**PROBLEM REQUIREMENTS:** Give back all of the data exactly as it stands, with the pictures removed.

-*-

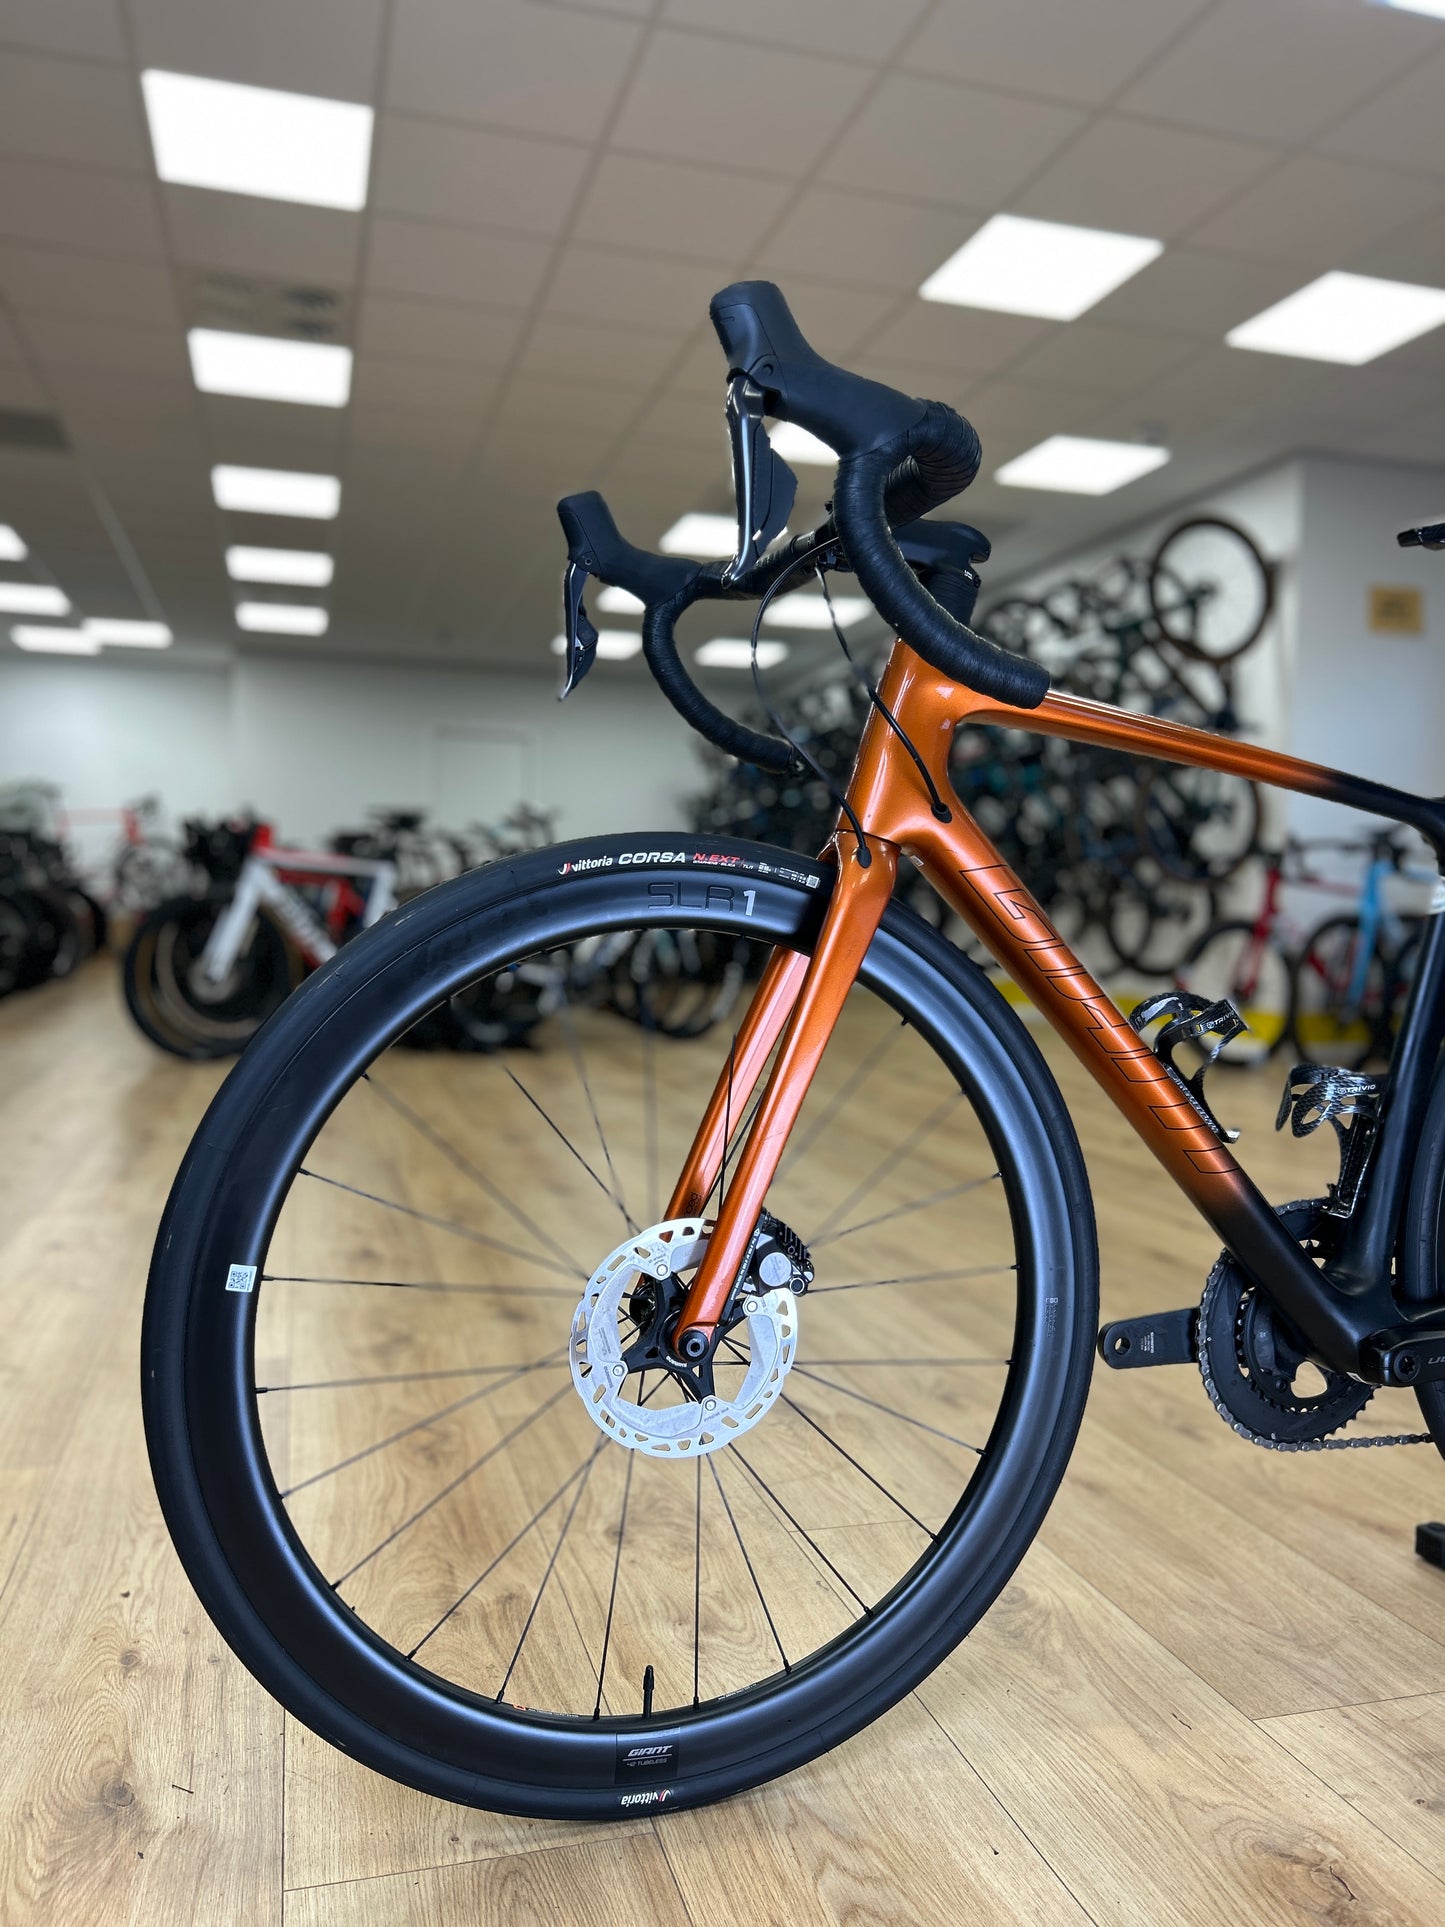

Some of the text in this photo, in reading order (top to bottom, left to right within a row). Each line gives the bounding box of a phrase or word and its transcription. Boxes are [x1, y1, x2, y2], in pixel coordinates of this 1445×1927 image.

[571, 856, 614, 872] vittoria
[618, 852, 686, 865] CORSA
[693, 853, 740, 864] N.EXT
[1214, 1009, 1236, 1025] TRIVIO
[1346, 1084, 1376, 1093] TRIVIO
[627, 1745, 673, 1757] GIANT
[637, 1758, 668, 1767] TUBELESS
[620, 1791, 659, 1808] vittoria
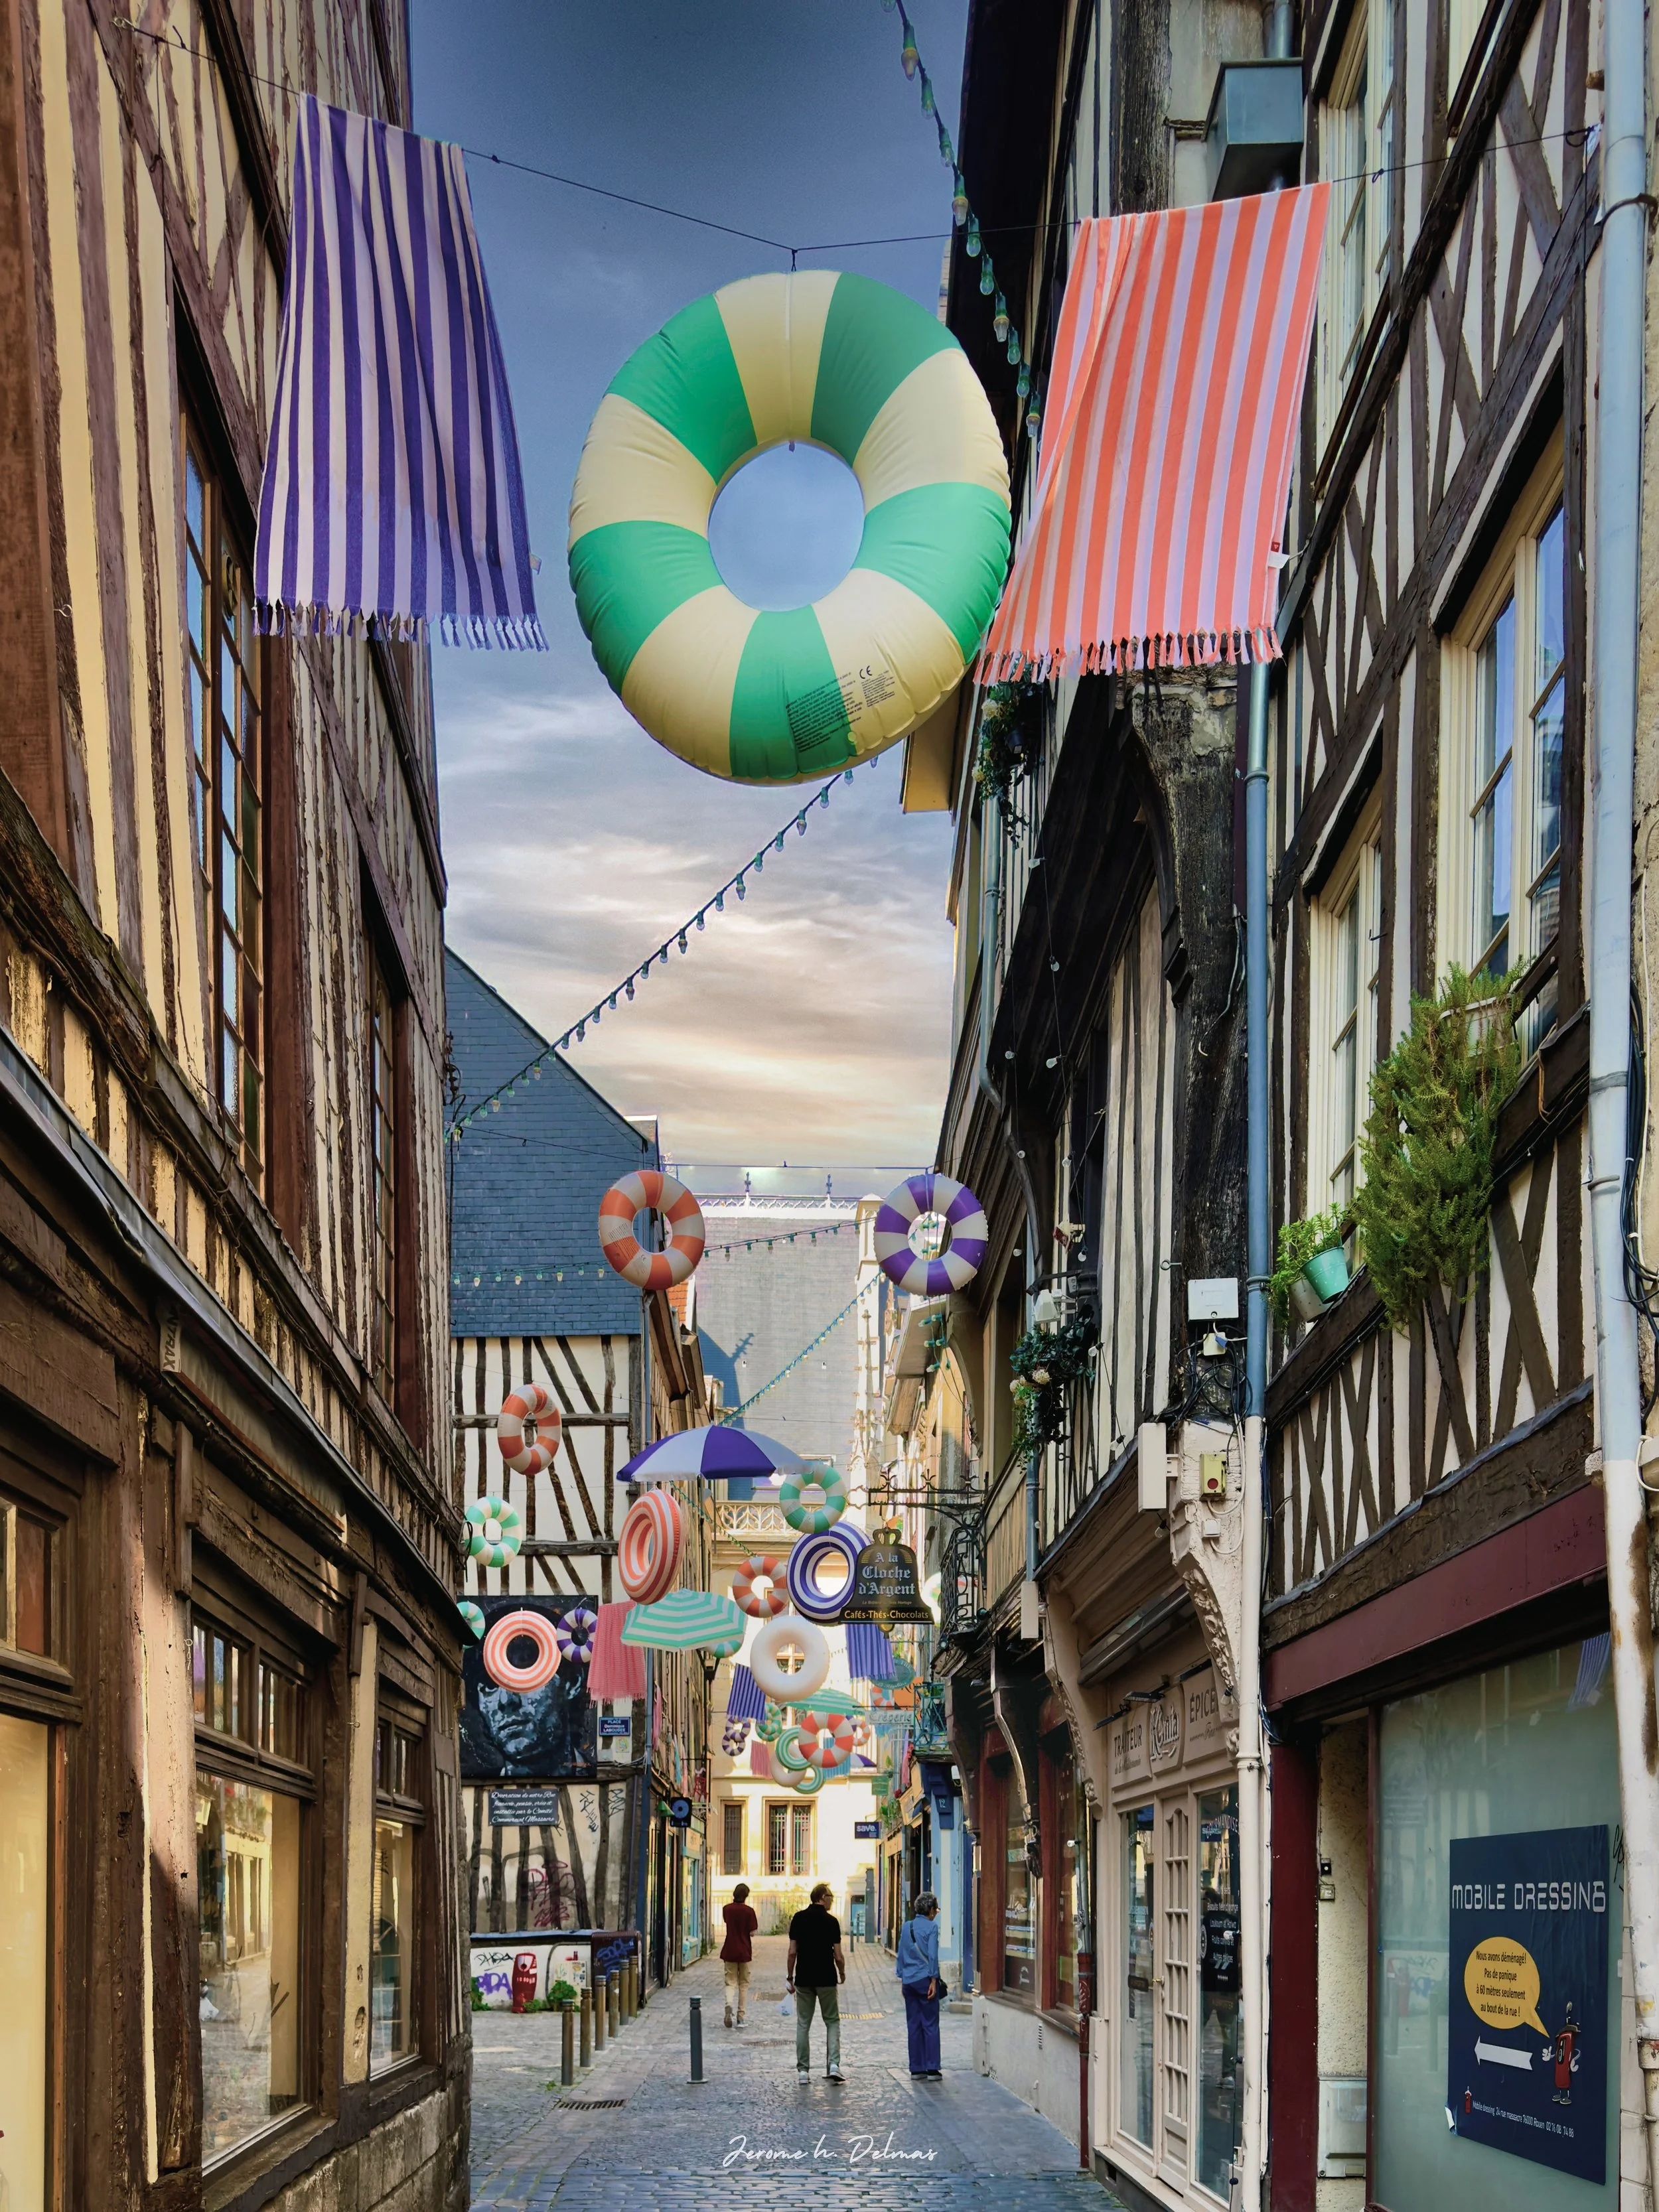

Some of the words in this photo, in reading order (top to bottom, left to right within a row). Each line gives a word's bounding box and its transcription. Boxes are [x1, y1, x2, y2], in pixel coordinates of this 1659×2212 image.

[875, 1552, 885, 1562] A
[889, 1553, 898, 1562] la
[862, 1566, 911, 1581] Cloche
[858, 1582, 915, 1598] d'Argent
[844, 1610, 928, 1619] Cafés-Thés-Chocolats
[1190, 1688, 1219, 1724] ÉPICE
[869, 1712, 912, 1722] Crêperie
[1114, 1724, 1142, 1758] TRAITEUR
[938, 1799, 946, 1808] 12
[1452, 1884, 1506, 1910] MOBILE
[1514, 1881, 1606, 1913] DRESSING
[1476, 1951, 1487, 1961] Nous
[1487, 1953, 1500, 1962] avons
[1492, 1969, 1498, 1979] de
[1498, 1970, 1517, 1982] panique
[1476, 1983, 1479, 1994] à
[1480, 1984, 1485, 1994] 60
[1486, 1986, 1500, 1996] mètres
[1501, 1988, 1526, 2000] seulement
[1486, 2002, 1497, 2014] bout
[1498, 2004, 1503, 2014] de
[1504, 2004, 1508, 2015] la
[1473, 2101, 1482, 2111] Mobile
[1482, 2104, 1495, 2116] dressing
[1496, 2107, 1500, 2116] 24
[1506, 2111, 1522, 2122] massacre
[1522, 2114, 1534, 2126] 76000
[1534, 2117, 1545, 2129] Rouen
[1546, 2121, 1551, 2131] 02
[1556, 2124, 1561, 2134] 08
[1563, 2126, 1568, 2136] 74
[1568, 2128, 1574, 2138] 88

-*-

**COMPLETED EXERCISE:**
Some of the text in this photo, in reading order (top to bottom, left to right within a row). Each line gives the bounding box of a phrase or word and its transcription. Boxes are [x1, y1, x2, y2], in pixel coordinates of this 1445×1927 image.

[571, 856, 614, 872] vittoria
[618, 852, 686, 865] CORSA
[693, 853, 740, 864] N.EXT
[1214, 1009, 1236, 1025] TRIVIO
[1346, 1084, 1376, 1093] TRIVIO
[627, 1745, 673, 1757] GIANT
[637, 1758, 668, 1767] TUBELESS
[620, 1791, 659, 1808] vittoria

Some of the words in this photo, in reading order (top to bottom, left to right within a row). Each line gives a word's bounding box and its transcription. Boxes are [x1, y1, x2, y2], in pixel coordinates of this 1659×2212 image.

[875, 1552, 885, 1562] A
[889, 1553, 898, 1562] la
[862, 1566, 911, 1581] Cloche
[858, 1582, 915, 1598] d'Argent
[844, 1610, 928, 1619] Cafés-Thés-Chocolats
[1190, 1688, 1219, 1724] ÉPICE
[869, 1712, 912, 1722] Crêperie
[1114, 1724, 1142, 1758] TRAITEUR
[938, 1799, 946, 1808] 12
[1452, 1884, 1506, 1910] MOBILE
[1514, 1881, 1606, 1913] DRESSING
[1476, 1951, 1487, 1961] Nous
[1487, 1953, 1500, 1962] avons
[1492, 1969, 1498, 1979] de
[1498, 1970, 1517, 1982] panique
[1476, 1983, 1479, 1994] à
[1480, 1984, 1485, 1994] 60
[1486, 1986, 1500, 1996] mètres
[1501, 1988, 1526, 2000] seulement
[1486, 2002, 1497, 2014] bout
[1498, 2004, 1503, 2014] de
[1504, 2004, 1508, 2015] la
[1473, 2101, 1482, 2111] Mobile
[1482, 2104, 1495, 2116] dressing
[1496, 2107, 1500, 2116] 24
[1506, 2111, 1522, 2122] massacre
[1522, 2114, 1534, 2126] 76000
[1534, 2117, 1545, 2129] Rouen
[1546, 2121, 1551, 2131] 02
[1556, 2124, 1561, 2134] 08
[1563, 2126, 1568, 2136] 74
[1568, 2128, 1574, 2138] 88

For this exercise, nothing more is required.